Kirsten Tibballs is the director of the Savour Chocolate and Patisserie School in Brunswick, Victoria and a regular guest judge on Masterchef Australia. Earlier today, Kirsten unveiled the world's largest chocolate bouquet at the Cake, Bake and Sweets Show in Melbourne where it will be official judged for entry in the Guinness Book of World Records.
The monstrous 700x170cm confection took over 900 hours to make and comprises more than 100 kilograms of chocolate. (Interested Melbournites can check out the finished result with their own eyes at the Melbourne Exhibition Centre between October 3 and 5.)
“Chocolate flowers class is something we regularly teach at Savour, so it's been a great opportunity to show off the talent of our pastry chefs and allow the public to view this spectacular display. Plus, to get the Guinness World Record will be a massive achievement,” Kirsten gushed.
We asked Kirsten to share one of her slightly less challenging floral creations with Lifehacker readers keen to try their hand at dessert gardening.
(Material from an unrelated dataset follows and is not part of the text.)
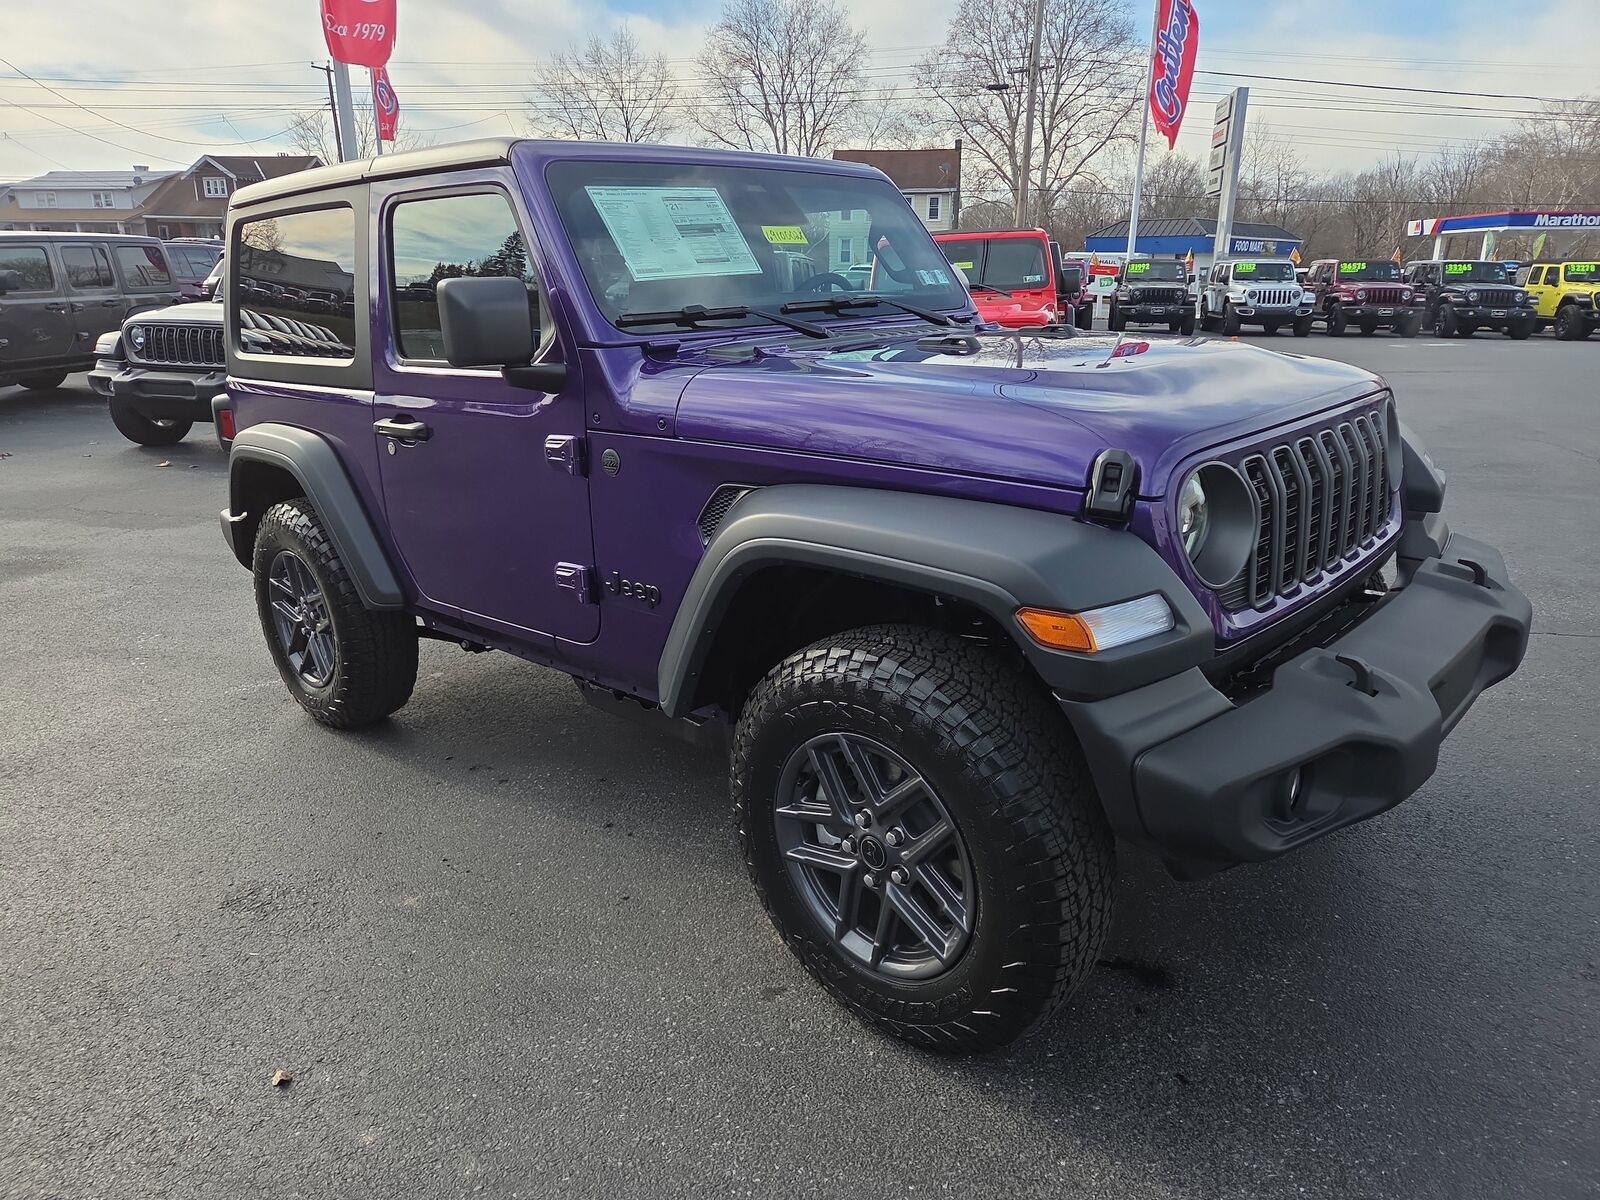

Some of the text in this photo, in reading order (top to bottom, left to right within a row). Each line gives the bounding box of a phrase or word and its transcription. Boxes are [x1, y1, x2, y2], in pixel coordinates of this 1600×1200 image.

[353, 22, 385, 41] 1979
[1234, 240, 1249, 252] FOOD
[605, 571, 661, 608] Jeep
Below you'll find detailed instructions for crafting an elegant white chocolate flower, complete with edible petals.
Chocolate Flower Recipe
- 45mm wide x 100mm length Acetate plastic strips or an overhead projector sheet cut into strips
- Plastic bowl
- Paper or plastic piping bags
- A cardboard or metal ring
- Palette knife
- Sticky tape
- Callebaut White chocolate
Part 1: Tempering your chocolate
- Place the required chocolate in a plastic bowl (glass retains too much heat).
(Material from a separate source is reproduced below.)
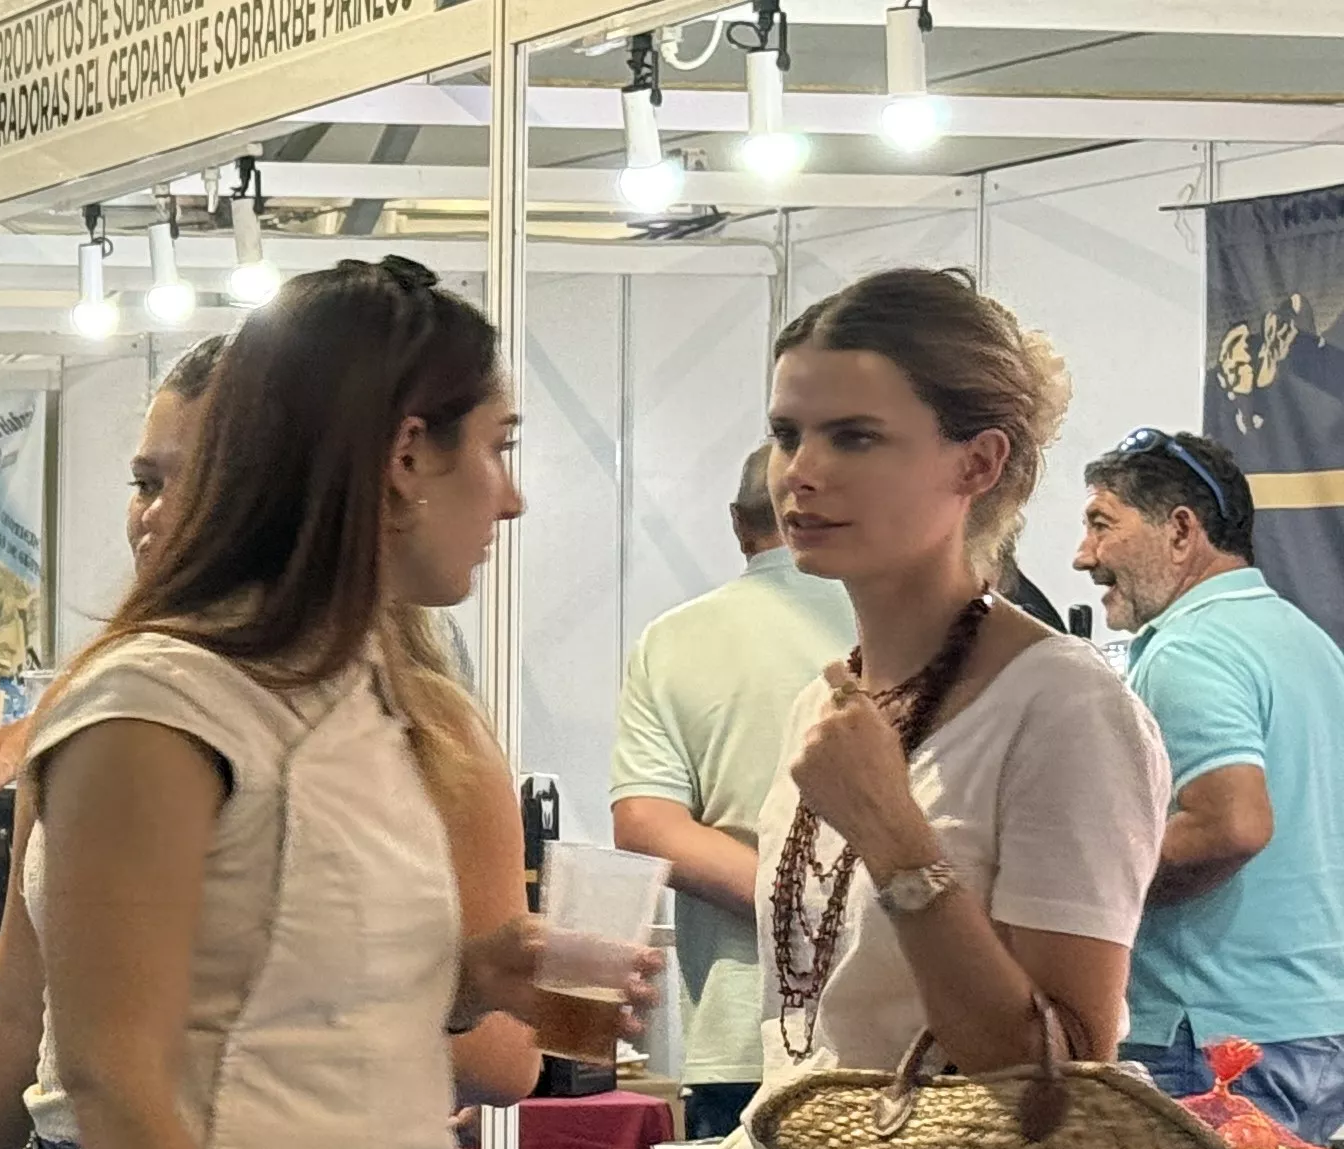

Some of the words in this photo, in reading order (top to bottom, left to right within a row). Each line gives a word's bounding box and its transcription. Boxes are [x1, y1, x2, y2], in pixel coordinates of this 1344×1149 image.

- Melt the chocolate at no more than 30 second intervals stirring in between.
- Melt the chocolate until you have 50% solid chocolate and 50% liquid chocolate continue stirring without applying any additional heat.
- It may take a few minutes for all the solid chocolate to melt. Stir continuously during this time.
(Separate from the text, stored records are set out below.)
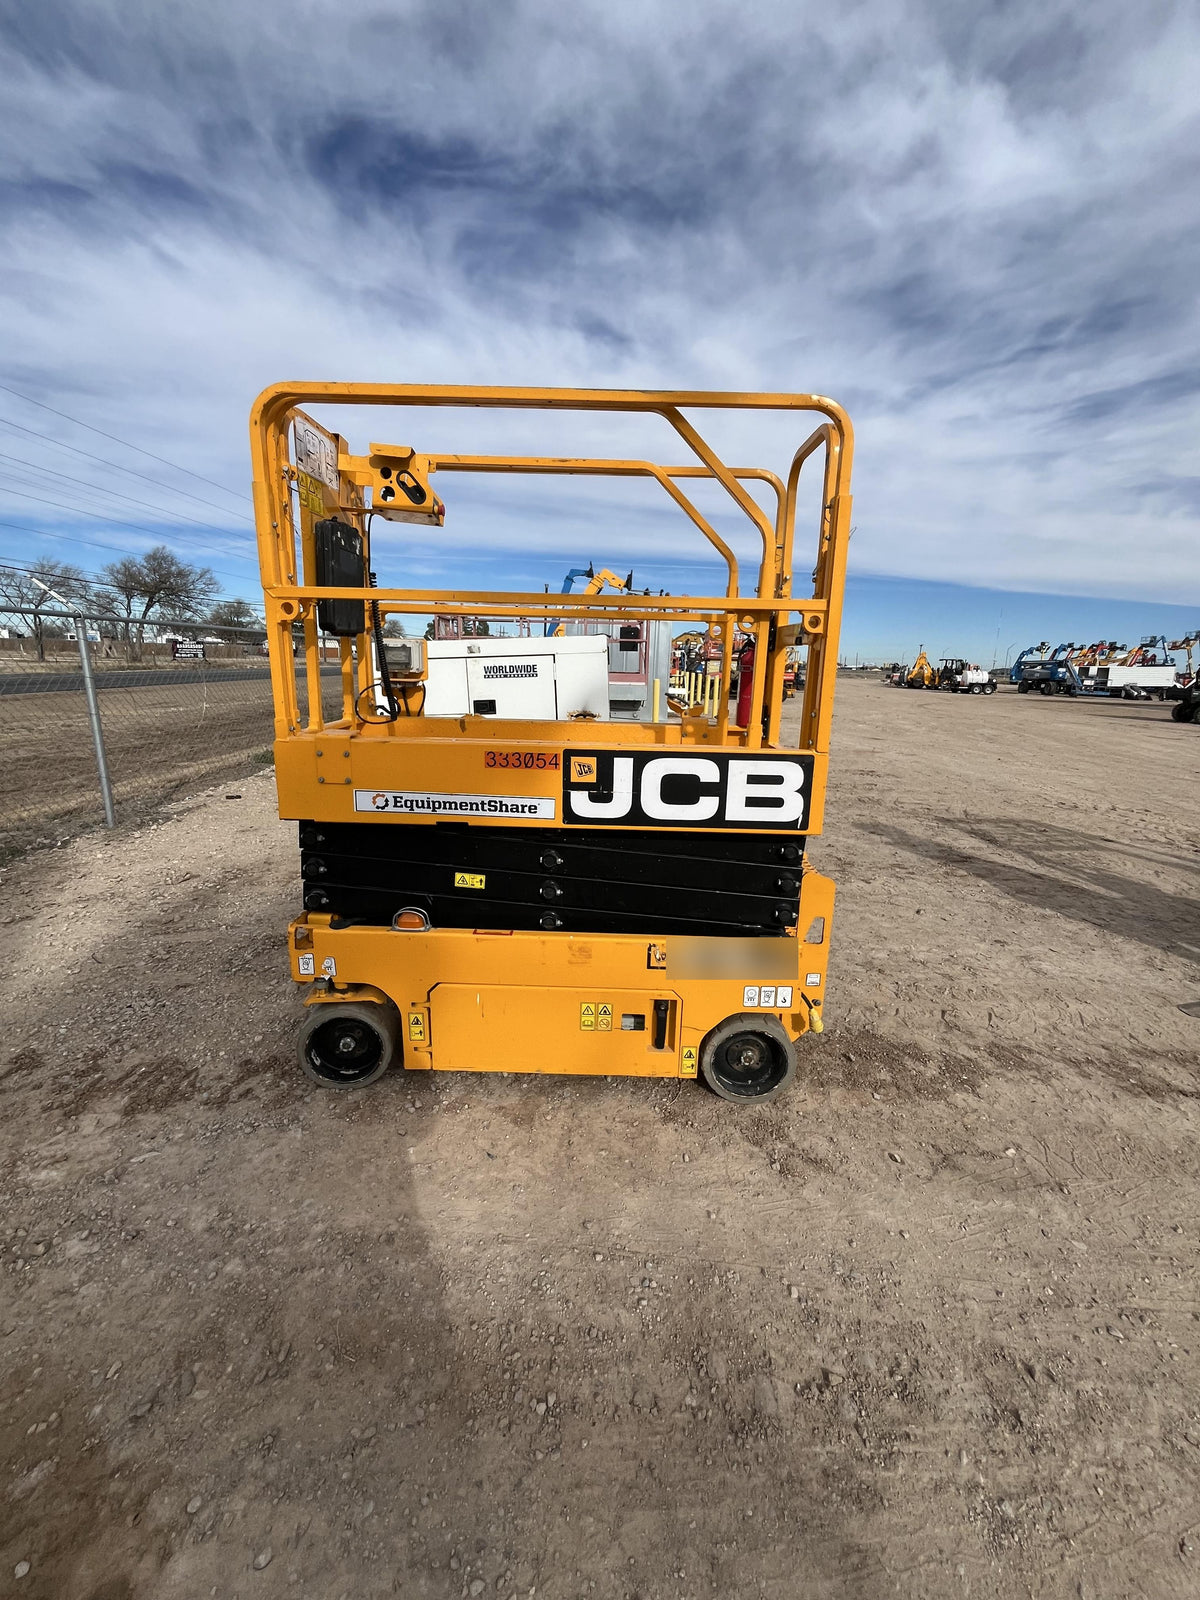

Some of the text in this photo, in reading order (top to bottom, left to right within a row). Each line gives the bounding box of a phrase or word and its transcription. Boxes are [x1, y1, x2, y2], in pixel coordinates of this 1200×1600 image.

[483, 664, 538, 674] WORLDWIDE
[486, 751, 560, 769] 333054
[576, 762, 593, 776] JCB
[570, 757, 805, 822] JCB
[393, 796, 538, 815] EquipmentShare
- If the chocolate does not melt completely apply gentle heat with a hair drier. Do a test with a plastic scraper which should set at room temperature in 5-10 minutes.
Part 2: Creating petals
- Take the tempered white chocolate and spread a layer onto an acetate strip the width of the palate knife.
- Before it sets place a piece of sticky tape around the edges to curve the petal.
- Let each petal set for 20 minutes at room temperature or 10 minutes in the fridge.
Part 3: Flower assembly
- Cut the sticky tape off the prepared petals and remove the acetate.
- Use a metal tart ring 120mm in diameter or create your own out of cardboard only about 20mm high. Place the ring on a piece of baking paper.
- Pipe a 50mm disc of the prepared tempered white chocolate into the centre of the ring.
- Place a row of petals around the ring setting them in place with the piped white chocolate.
- Pipe additional white chocolate in the centre and add another row of petals.
- Continue this process until you reach the centre.
- Some petals may need to be propped up as they set with scrunched paper towel.
- Once the flower has set remove the ring and any paper towel.
If all goes smoothly, your creation should look something like the video below. Frankly, If if your better half isn't impressed by this you're better off alone. If they are impressed, break up with them anyway — that way you'll get to eat the lot.